Start of RECORDED DATA

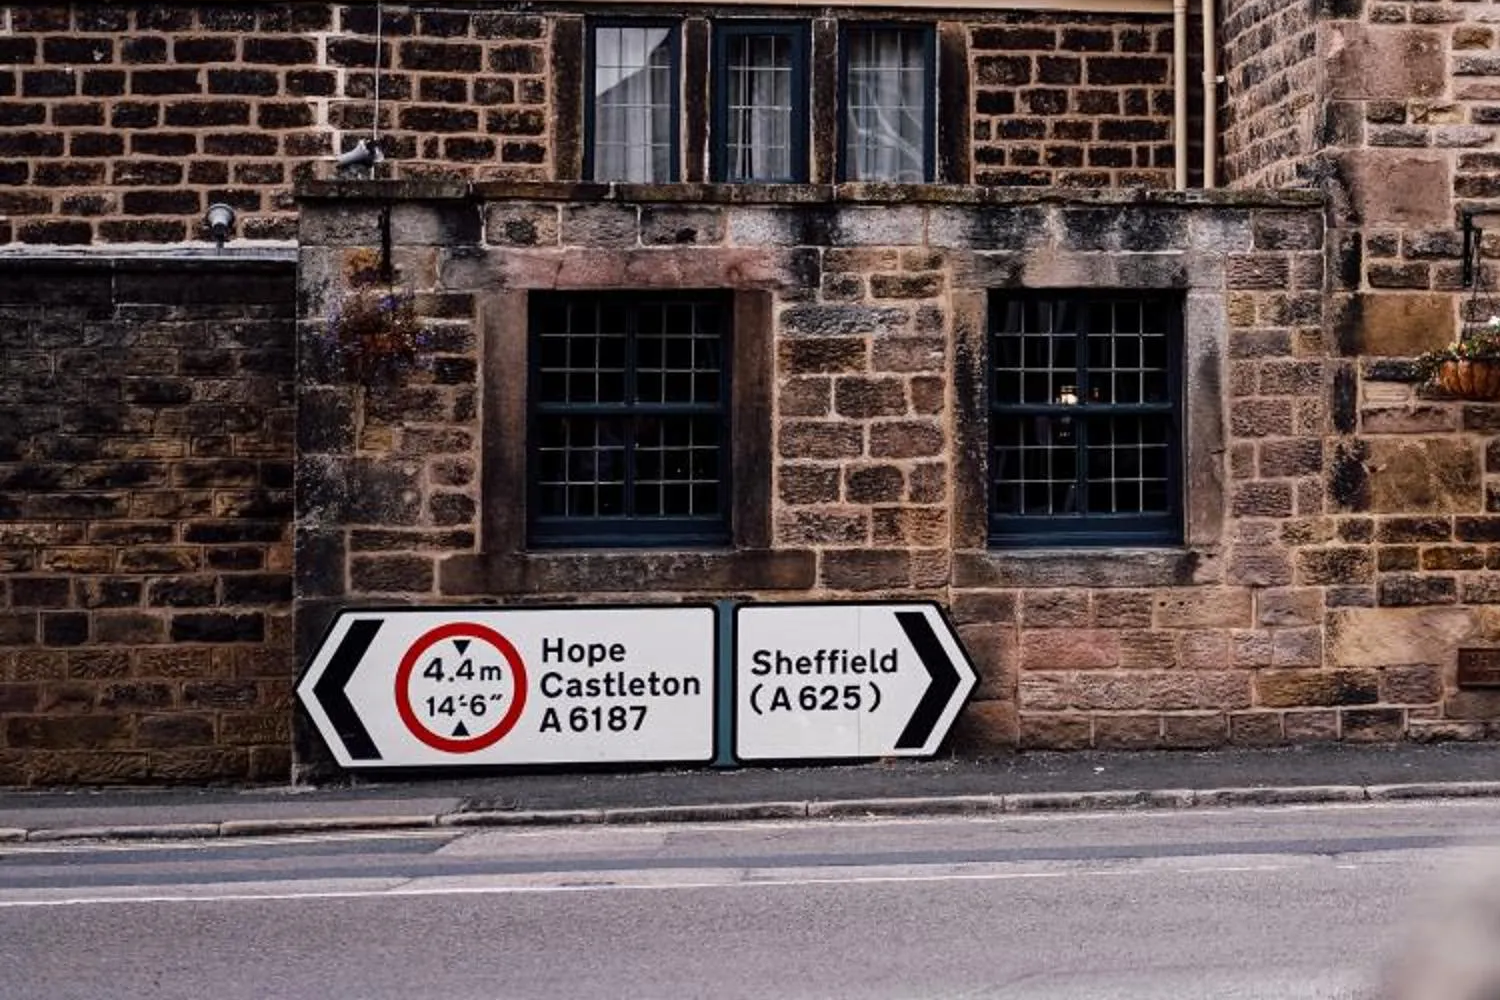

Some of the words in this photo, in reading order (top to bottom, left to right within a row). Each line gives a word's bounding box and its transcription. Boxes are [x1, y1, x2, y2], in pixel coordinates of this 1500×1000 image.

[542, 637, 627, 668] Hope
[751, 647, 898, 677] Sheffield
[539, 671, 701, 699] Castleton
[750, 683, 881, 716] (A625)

End of RECORDED DATA

» **INSTRUCTIONS TO FOLLOW**:
Repeat each line above exactly as it reads, omitting any pictures.

» **EXERCISE ANSWER**:
Some of the words in this photo, in reading order (top to bottom, left to right within a row). Each line gives a word's bounding box and its transcription. Boxes are [x1, y1, x2, y2], in pixel coordinates of this 1500×1000 image.

[542, 637, 627, 668] Hope
[751, 647, 898, 677] Sheffield
[539, 671, 701, 699] Castleton
[750, 683, 881, 716] (A625)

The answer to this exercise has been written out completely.